Capri

Dicen que la primera vez que Tiberio fue a Capri se mareo tanto que decidió jamás volver a Roma y que por eso se quedó en la isla. De nada valieron los reclamos del Senado para que volviera, el emperador se rehusó a abandonar su lugar de seguridad, y prefirió que los asuntos de Estado le fueran tratados directamente en la villa frente al mar. Puede ser que fuera eso o que como cuenta la Historia, el emperador harto del odio que le tenían los romanos, decidiera quedarse en ese pedazo de cielo que da enormes limones y desde donde el Vesubio es más imponente en los días de sol.

Sea la que hubiese sido Tiberio tuvo razón. Si fue por lo del mareo lo entiendo, esta mañana el mar amaneció de mal humor y decidió cobrarselas todas juntas al barquito que nos lleva de Nápoles a Capri. Las olas lo hacen saltar y me parece que voy abordo de uno de papel que está a punto de deshacerse entre los remolinos azul profundo del mar. Todos los pasajeros tienen la cara amarilla, como de cera, la mirada fija y muchos piden bolsas de plático que los empleados distribuyen por todos lados. Mi Compañero de asiento la usa varias veces, igual que muchos otros. A mí el estómago me da vueltas y respiro profundo. Son los cuarenta y cinco minutos más largos de toda mi vida. Juro en silencio que no volveré a subirme a un artefacto como estos y de inmediato recuerdo que así como llegue hay que volver.

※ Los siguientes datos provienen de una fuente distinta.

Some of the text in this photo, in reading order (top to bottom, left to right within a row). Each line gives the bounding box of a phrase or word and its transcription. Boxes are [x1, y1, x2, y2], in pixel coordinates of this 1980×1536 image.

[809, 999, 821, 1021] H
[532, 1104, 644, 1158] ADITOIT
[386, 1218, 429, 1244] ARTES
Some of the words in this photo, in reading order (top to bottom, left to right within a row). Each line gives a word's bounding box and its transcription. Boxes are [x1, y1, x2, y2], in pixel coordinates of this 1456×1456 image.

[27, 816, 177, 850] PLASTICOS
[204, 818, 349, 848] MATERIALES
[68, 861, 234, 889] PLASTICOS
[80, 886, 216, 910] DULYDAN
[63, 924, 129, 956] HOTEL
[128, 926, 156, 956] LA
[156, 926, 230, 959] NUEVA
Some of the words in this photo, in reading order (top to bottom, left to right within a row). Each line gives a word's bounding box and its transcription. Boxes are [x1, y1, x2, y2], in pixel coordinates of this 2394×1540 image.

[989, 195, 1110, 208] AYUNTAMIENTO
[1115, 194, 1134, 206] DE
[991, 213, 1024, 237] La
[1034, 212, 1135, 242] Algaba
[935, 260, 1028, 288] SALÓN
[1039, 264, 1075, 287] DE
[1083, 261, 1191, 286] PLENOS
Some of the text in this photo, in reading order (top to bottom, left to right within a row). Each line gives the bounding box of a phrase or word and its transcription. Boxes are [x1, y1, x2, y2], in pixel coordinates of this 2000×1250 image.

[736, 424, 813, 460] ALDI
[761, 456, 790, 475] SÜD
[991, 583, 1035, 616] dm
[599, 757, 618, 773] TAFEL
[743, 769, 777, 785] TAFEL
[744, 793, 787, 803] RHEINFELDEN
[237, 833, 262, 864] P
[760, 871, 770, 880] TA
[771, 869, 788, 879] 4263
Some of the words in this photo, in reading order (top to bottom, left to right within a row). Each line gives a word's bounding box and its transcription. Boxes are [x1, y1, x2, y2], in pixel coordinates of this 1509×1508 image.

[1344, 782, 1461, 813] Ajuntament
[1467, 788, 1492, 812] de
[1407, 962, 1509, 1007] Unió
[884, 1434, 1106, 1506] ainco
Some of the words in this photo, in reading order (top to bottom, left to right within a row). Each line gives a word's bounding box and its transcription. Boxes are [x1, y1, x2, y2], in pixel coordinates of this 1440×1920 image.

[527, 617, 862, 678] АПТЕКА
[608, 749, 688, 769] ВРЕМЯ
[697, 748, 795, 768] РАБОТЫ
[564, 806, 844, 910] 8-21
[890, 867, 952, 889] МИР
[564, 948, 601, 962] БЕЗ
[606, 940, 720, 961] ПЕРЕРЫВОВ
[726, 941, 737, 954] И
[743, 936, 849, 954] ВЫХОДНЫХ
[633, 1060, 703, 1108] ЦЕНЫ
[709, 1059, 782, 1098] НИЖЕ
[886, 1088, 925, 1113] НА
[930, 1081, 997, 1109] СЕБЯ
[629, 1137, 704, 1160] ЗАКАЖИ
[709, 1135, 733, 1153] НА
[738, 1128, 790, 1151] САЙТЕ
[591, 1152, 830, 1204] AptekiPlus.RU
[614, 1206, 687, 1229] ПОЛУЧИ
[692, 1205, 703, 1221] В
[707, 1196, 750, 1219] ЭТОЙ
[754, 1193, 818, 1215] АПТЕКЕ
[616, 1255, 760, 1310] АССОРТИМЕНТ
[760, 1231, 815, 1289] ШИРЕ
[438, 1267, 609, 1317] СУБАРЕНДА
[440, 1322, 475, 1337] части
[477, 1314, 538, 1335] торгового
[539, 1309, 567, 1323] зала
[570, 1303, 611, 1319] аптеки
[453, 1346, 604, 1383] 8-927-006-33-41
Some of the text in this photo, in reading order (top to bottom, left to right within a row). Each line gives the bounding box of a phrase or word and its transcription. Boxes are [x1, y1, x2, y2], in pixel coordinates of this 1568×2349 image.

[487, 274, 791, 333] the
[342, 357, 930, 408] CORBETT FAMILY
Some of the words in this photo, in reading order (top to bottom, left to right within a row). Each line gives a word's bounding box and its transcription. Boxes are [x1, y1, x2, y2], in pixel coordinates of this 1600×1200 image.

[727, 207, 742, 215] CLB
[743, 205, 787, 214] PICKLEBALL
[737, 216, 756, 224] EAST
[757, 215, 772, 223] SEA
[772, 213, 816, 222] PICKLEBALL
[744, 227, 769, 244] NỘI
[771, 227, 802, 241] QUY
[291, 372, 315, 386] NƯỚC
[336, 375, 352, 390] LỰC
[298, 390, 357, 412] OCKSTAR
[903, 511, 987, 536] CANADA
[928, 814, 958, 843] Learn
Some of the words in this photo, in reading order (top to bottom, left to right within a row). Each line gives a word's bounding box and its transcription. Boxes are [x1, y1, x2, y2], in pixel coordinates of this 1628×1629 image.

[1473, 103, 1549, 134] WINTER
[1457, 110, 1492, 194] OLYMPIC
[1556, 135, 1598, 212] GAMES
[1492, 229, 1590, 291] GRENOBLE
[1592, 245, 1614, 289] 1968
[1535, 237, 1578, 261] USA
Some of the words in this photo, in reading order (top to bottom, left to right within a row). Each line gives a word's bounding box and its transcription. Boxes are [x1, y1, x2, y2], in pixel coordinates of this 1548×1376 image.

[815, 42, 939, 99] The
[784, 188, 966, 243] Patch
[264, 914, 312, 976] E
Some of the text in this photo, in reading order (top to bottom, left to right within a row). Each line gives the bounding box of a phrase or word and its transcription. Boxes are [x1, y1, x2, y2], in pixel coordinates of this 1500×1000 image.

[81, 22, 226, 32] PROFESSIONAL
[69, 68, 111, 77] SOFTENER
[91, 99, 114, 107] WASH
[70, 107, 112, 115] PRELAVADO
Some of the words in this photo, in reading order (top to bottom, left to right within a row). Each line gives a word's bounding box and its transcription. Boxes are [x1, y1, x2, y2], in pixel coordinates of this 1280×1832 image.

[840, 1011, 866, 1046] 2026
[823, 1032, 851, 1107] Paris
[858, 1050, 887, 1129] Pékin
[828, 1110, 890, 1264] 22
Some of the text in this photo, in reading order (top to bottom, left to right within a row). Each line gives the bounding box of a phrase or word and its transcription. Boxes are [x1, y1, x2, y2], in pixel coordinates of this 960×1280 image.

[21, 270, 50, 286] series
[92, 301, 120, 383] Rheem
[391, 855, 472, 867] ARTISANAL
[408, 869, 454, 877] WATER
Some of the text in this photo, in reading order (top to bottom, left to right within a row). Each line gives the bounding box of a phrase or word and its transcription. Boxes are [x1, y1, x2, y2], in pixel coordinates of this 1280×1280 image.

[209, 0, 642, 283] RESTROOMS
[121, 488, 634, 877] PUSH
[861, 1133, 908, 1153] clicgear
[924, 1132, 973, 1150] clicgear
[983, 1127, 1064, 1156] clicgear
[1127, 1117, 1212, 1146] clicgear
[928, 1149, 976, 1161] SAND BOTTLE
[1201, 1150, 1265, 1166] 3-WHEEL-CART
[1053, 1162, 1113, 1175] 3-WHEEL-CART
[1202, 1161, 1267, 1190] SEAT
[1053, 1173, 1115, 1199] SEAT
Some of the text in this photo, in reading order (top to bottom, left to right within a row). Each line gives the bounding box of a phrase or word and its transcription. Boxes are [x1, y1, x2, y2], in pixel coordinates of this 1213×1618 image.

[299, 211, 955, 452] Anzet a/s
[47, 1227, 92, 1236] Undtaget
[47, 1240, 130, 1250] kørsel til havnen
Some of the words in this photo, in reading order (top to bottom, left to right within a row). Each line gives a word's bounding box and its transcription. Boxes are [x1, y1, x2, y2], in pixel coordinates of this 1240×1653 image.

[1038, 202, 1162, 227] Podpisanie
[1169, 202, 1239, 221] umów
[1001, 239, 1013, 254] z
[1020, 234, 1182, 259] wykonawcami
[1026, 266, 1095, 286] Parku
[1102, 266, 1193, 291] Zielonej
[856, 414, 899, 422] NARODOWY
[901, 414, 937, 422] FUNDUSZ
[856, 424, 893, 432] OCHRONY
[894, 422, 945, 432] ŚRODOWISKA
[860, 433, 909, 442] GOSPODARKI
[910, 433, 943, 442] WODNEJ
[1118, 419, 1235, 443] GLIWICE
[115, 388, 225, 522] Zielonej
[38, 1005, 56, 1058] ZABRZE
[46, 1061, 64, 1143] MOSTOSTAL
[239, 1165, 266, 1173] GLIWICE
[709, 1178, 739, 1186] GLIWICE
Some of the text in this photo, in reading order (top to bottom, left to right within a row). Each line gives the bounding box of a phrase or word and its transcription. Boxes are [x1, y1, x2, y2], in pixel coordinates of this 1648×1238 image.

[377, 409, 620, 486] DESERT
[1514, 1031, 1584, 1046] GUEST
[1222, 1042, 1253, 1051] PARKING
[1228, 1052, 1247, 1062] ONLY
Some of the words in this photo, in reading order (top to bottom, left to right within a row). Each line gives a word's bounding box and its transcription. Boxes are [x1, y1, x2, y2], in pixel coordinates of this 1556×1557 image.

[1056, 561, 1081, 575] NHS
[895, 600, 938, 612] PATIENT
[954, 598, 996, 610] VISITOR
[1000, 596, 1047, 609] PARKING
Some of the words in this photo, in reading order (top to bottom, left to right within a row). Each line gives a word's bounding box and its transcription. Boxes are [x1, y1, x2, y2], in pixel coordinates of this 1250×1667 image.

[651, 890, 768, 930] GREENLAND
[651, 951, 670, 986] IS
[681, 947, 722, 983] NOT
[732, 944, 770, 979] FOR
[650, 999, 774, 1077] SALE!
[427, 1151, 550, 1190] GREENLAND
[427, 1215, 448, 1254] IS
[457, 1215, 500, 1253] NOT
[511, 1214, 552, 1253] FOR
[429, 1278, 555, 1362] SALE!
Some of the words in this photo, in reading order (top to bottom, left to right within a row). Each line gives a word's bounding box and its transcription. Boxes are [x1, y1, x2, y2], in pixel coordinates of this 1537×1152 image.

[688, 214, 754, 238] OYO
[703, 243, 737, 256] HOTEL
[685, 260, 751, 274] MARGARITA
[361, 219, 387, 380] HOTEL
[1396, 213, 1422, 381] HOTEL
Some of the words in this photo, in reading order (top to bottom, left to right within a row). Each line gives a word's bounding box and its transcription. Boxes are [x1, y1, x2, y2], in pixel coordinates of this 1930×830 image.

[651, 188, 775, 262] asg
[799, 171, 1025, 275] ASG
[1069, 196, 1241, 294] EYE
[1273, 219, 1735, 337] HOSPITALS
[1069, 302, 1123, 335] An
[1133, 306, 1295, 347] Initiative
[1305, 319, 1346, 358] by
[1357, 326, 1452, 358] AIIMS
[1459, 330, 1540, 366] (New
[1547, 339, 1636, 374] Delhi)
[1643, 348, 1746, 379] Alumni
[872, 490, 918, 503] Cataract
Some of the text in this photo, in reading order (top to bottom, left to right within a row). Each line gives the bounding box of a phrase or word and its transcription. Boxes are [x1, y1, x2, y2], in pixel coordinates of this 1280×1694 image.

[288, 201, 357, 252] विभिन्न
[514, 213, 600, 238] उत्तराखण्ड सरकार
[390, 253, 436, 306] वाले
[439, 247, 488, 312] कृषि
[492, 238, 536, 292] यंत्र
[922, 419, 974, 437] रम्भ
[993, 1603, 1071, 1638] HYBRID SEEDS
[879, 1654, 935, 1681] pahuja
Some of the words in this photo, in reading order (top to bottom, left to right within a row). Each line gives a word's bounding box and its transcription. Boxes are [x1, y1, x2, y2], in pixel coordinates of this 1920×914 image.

Al pisar tierra me abstengo del impulso de besar el suelo, sin embargo, a pesar de estar en tierra firme el bamboleo del barco sigue instalado en el cuerpo. Respiro, jalando mucho aire y Capri se muestra magnífica. Casi se me olvidan todos los males padecidos y vamos a comprar los boletos del funicular. Subimos de inmediato y en la cima, al salir del edificio de la estación, la vista de la isla, la playa y el mar nos dan la bienvenida. Barcos, veleros, barquitas de pescadores y las que van llenas de turistas se mecen en el agua y el paisaje de flores y limones inmensos me hacen sonreír. ¿Quién se acuerda de los males padecidos hace cinco minutos? 

Nos perdemos entre las callecitas y estamos profundamente felices. El tiempo se va corriendo, nos sentamos en una  terraza con una imponente vista del acantilado y el mar que se pinta de rayas color turquesa y azúl marino. La cerveza sabe mejor con semejante paisaje y no hay mejor pizza margheritta en el mundo. Qusiera probar todos los platos del menú pero recuerdo que hay que volver y no se me antoja hacer uso de la bolsa de plástico. 

Emiliano, el chofer del taxi, nos lleva a conocer Anacapri, subimos por una carretera estrecha y muy empinada. De un lado está la montaña, del otro un acantilado profundo. Ir a Anacapri ya no me parece tan buena idea. Los coches pasan rosandose y cada que cierro los ojos, el conductor se muere de risa. Nos lleva a conocer una gruta  donde se venera a la Virgen de Lourdes. Por fin llegamos a Anacapri. Paseamos por la calle peatonal y sin que podamos remediarlo ya es tiempo de volver.  Pensar en el barquito me da nauseas.

Sin duda, el emperador Tiberio tuvo razón. Mientras voy bamboleándome en el barquito de regreso a Nápoles no tengo duda de que sea cual fuera la razón que tuvo para quedarse en Capri, miedo, mareo o amor a un lugar de ensueño, estuvo en lo correcto. Siempre hay un buen pretexto para no abandonar Capri. Sí, hay que volver.